*Exercise description*: Set down all of the records below exactly, please, omitting the images.

*Material provided*:
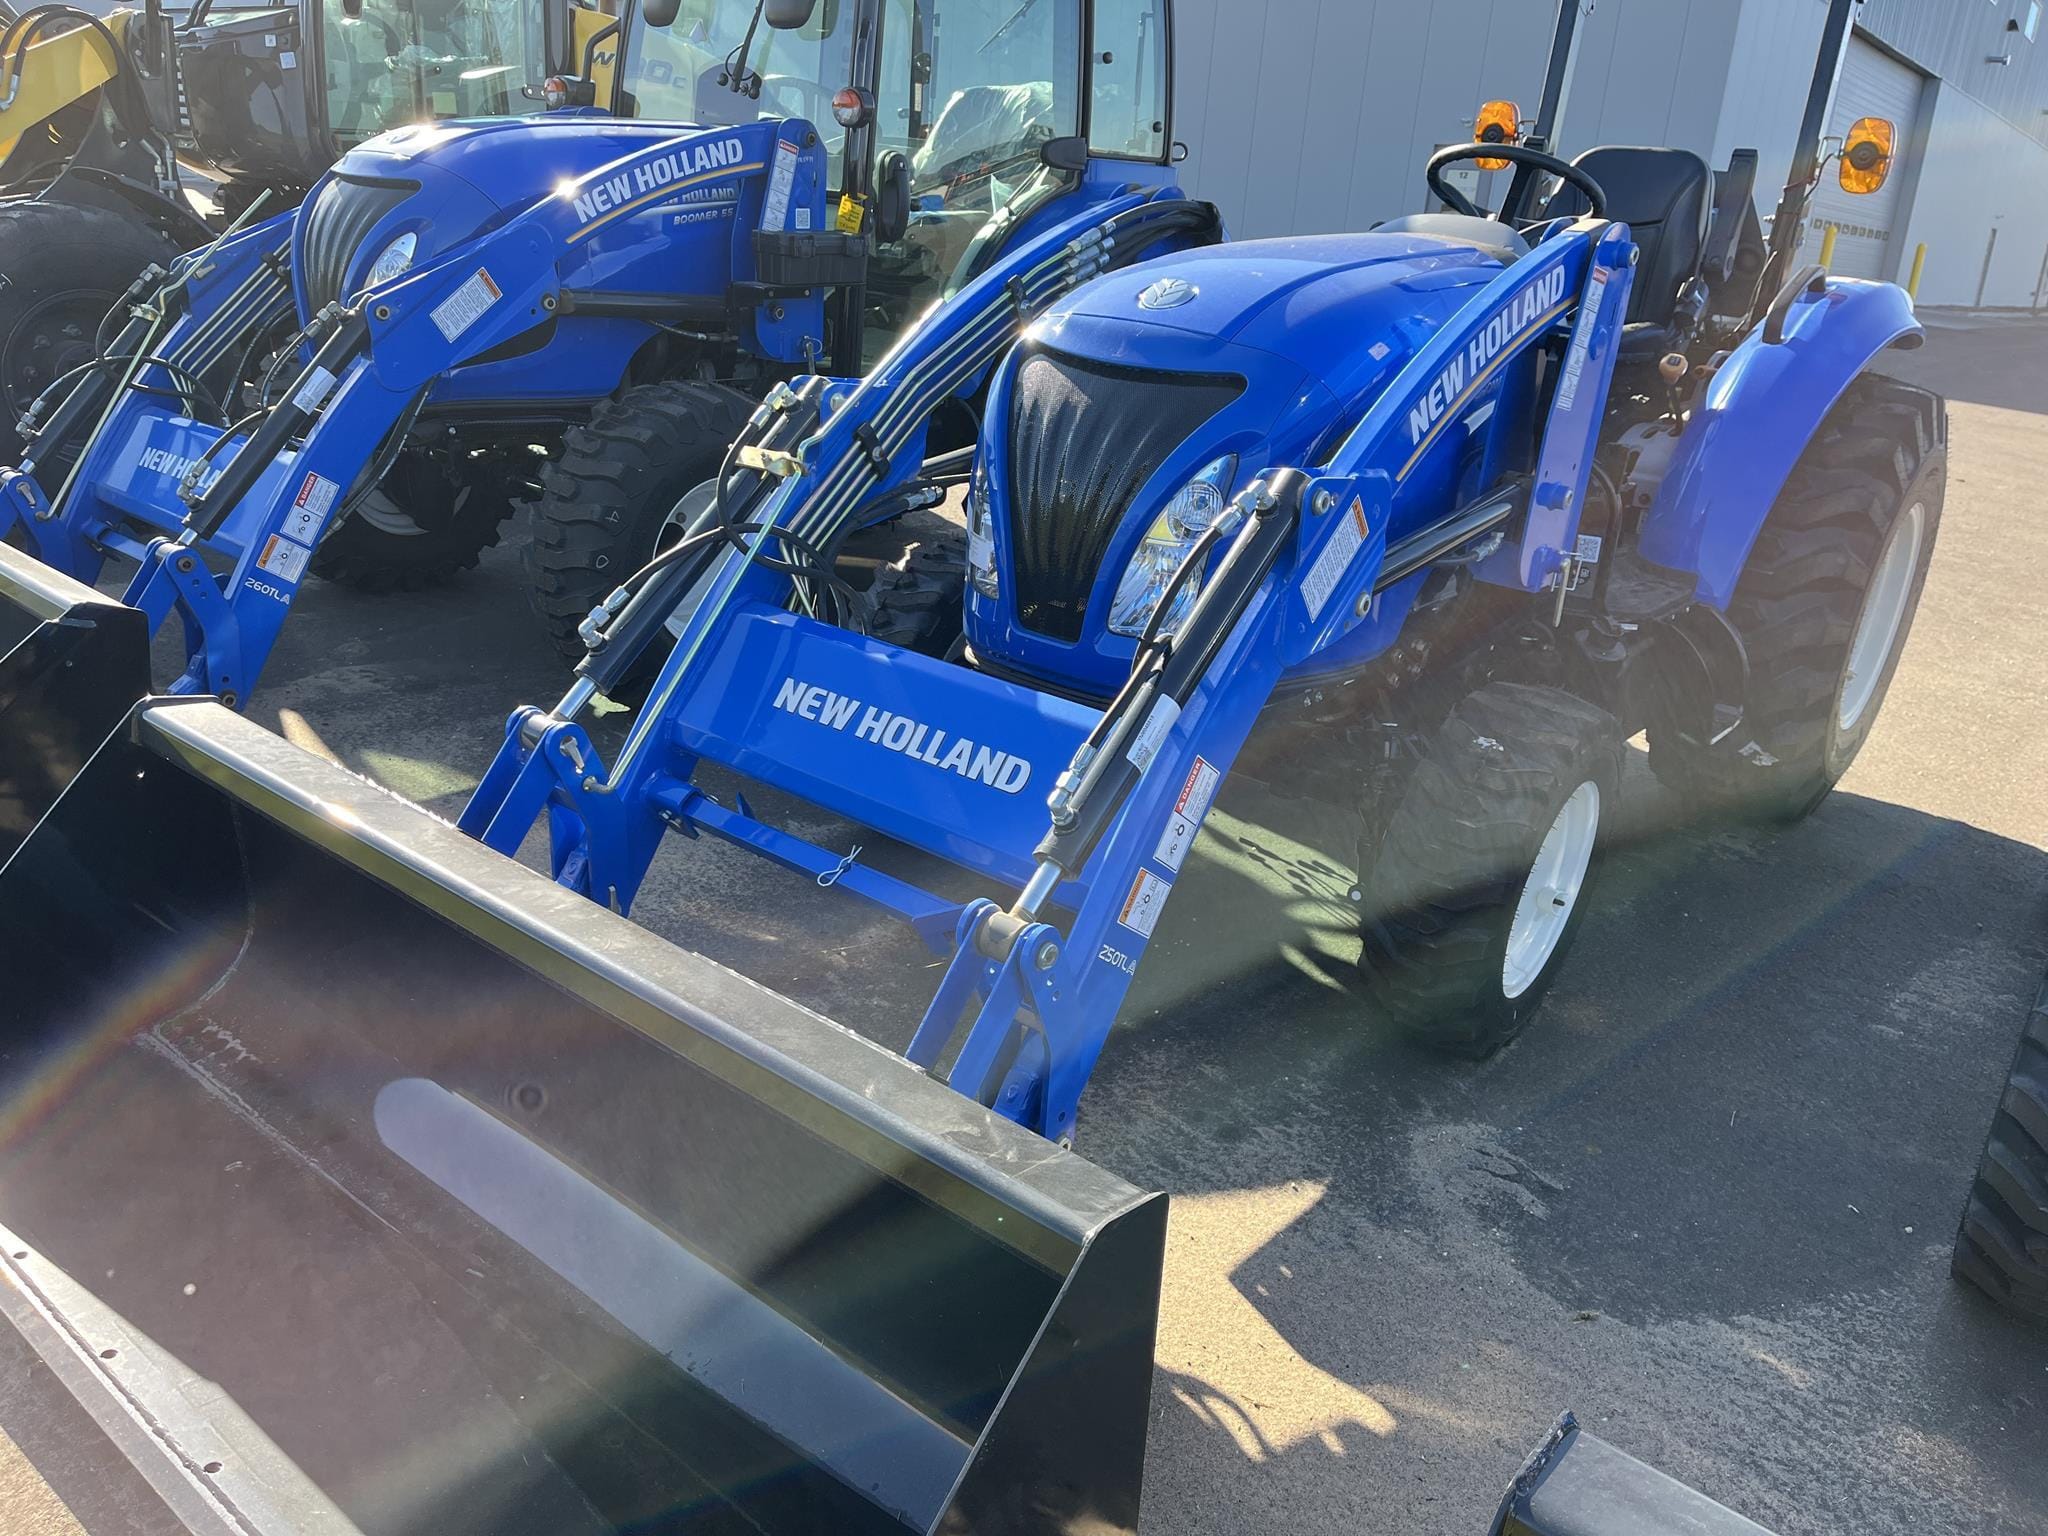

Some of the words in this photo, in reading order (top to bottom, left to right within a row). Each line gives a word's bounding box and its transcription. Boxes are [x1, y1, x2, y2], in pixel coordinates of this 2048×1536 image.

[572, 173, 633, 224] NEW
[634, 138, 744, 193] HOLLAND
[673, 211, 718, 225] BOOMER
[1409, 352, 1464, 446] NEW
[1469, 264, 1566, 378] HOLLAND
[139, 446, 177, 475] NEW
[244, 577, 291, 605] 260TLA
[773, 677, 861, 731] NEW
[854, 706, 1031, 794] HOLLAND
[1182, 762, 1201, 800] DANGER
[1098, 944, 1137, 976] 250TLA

*Task answer*:
Some of the words in this photo, in reading order (top to bottom, left to right within a row). Each line gives a word's bounding box and its transcription. Boxes are [x1, y1, x2, y2], in pixel coordinates of this 2048×1536 image.

[572, 173, 633, 224] NEW
[634, 138, 744, 193] HOLLAND
[673, 211, 718, 225] BOOMER
[1409, 352, 1464, 446] NEW
[1469, 264, 1566, 378] HOLLAND
[139, 446, 177, 475] NEW
[244, 577, 291, 605] 260TLA
[773, 677, 861, 731] NEW
[854, 706, 1031, 794] HOLLAND
[1182, 762, 1201, 800] DANGER
[1098, 944, 1137, 976] 250TLA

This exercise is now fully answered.